Chapter 63
Chapter 63
S ummer and I loaded onto the gondola and rode the chairlift up to the Eagle’s Nest under a clear and cold starlit sky. Which was much better than climbing up by foot. Required much less work. Gunner thought so too. We stepped off, I opened Bones’s wine and uncovered the little cheese plate that Angel and Casey had helped me decorate—complete with parsley—and we slid into the hot tub. She eyed the tray and raised an eyebrow. “Well played.”
“I had some help.”
She ate an olive. “No. Really?” The sarcasm was thick. She slipped her shoulder beneath mine. We could see eighty miles in any direction. “But you get an A-plus for effort.”
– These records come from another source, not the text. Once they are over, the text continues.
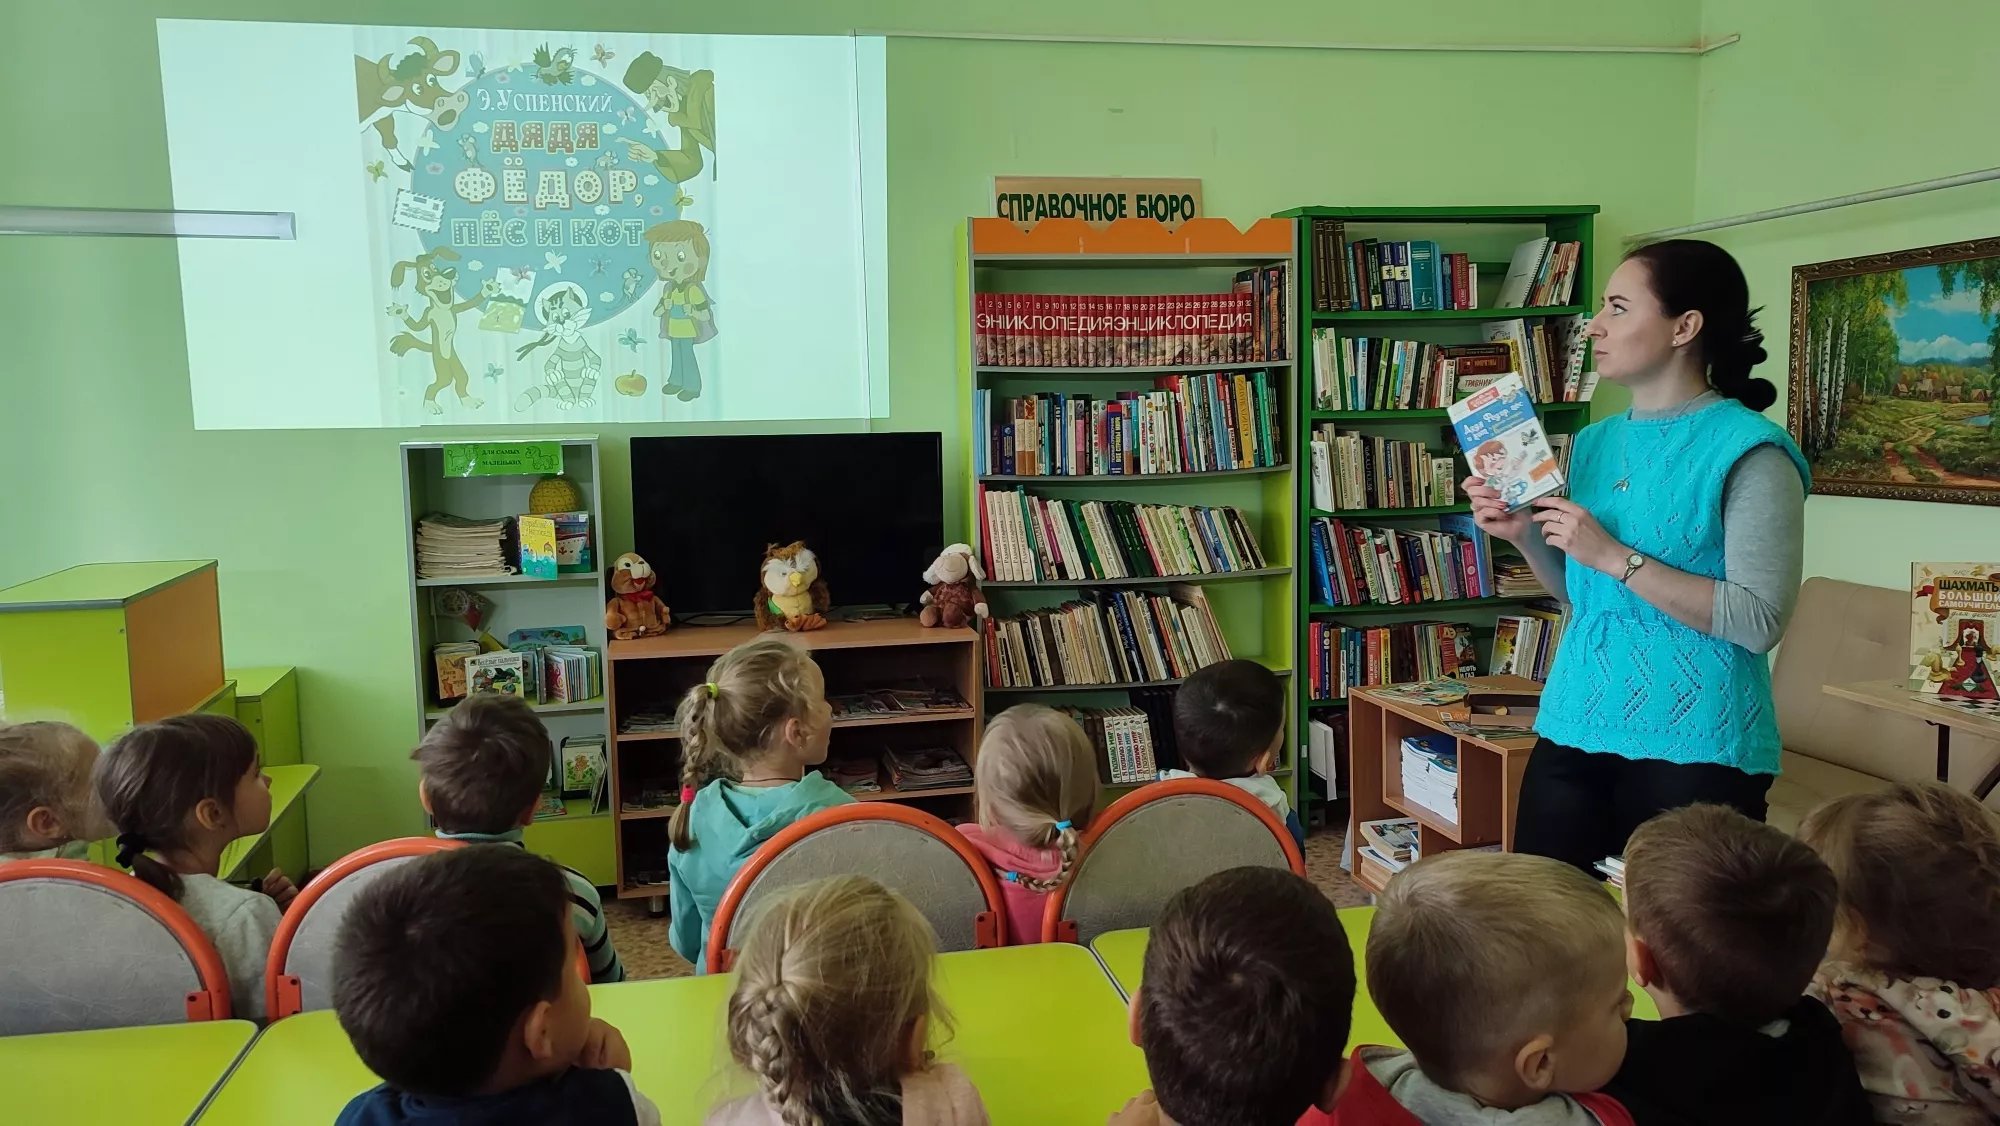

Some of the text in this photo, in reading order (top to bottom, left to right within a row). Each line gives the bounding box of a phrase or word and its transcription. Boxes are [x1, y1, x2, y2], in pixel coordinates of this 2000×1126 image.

[490, 120, 599, 154] ДЯДЯ
[454, 157, 644, 211] ФЁДОР,
[997, 193, 1195, 222] СПРАВОЧНОЕ БЮРО
[451, 210, 528, 247] ПЁС
[535, 219, 562, 246] И
[571, 218, 644, 246] КОТ
[1114, 313, 1252, 333] ЭНЦИКЛОПЕДИЯ
[1465, 379, 1493, 387] ТРАВНИК
[1111, 746, 1119, 772] ПОЗНАЮ
[1133, 744, 1142, 769] ПОЗНАЮ
Three silent days had passed at Freetown. The cameras showed police arriving at Maynard’s house along with an assistant of sorts, but Maynard never surfaced. Nothing changed, save one thing. Maynard was now actively campaigning. Filling the networks with sound bites. And judging by the look on his face, he’d dreamed of this moment for years. He looked ten years younger.
We soaked. Sipped. Laughed. Ate cheeses with names I couldn’t pronounce. Talked about the future. Talked a little about the past. Summer had become my safe place. No pretending. No lies. No facade. Half a bottle in, I had the nerve to say what was on my mind.
“So, I’ve been thinking. ”
She stared up at me.
“I know I promised to take you fishing. But I want to ask your permission to do one thing first.”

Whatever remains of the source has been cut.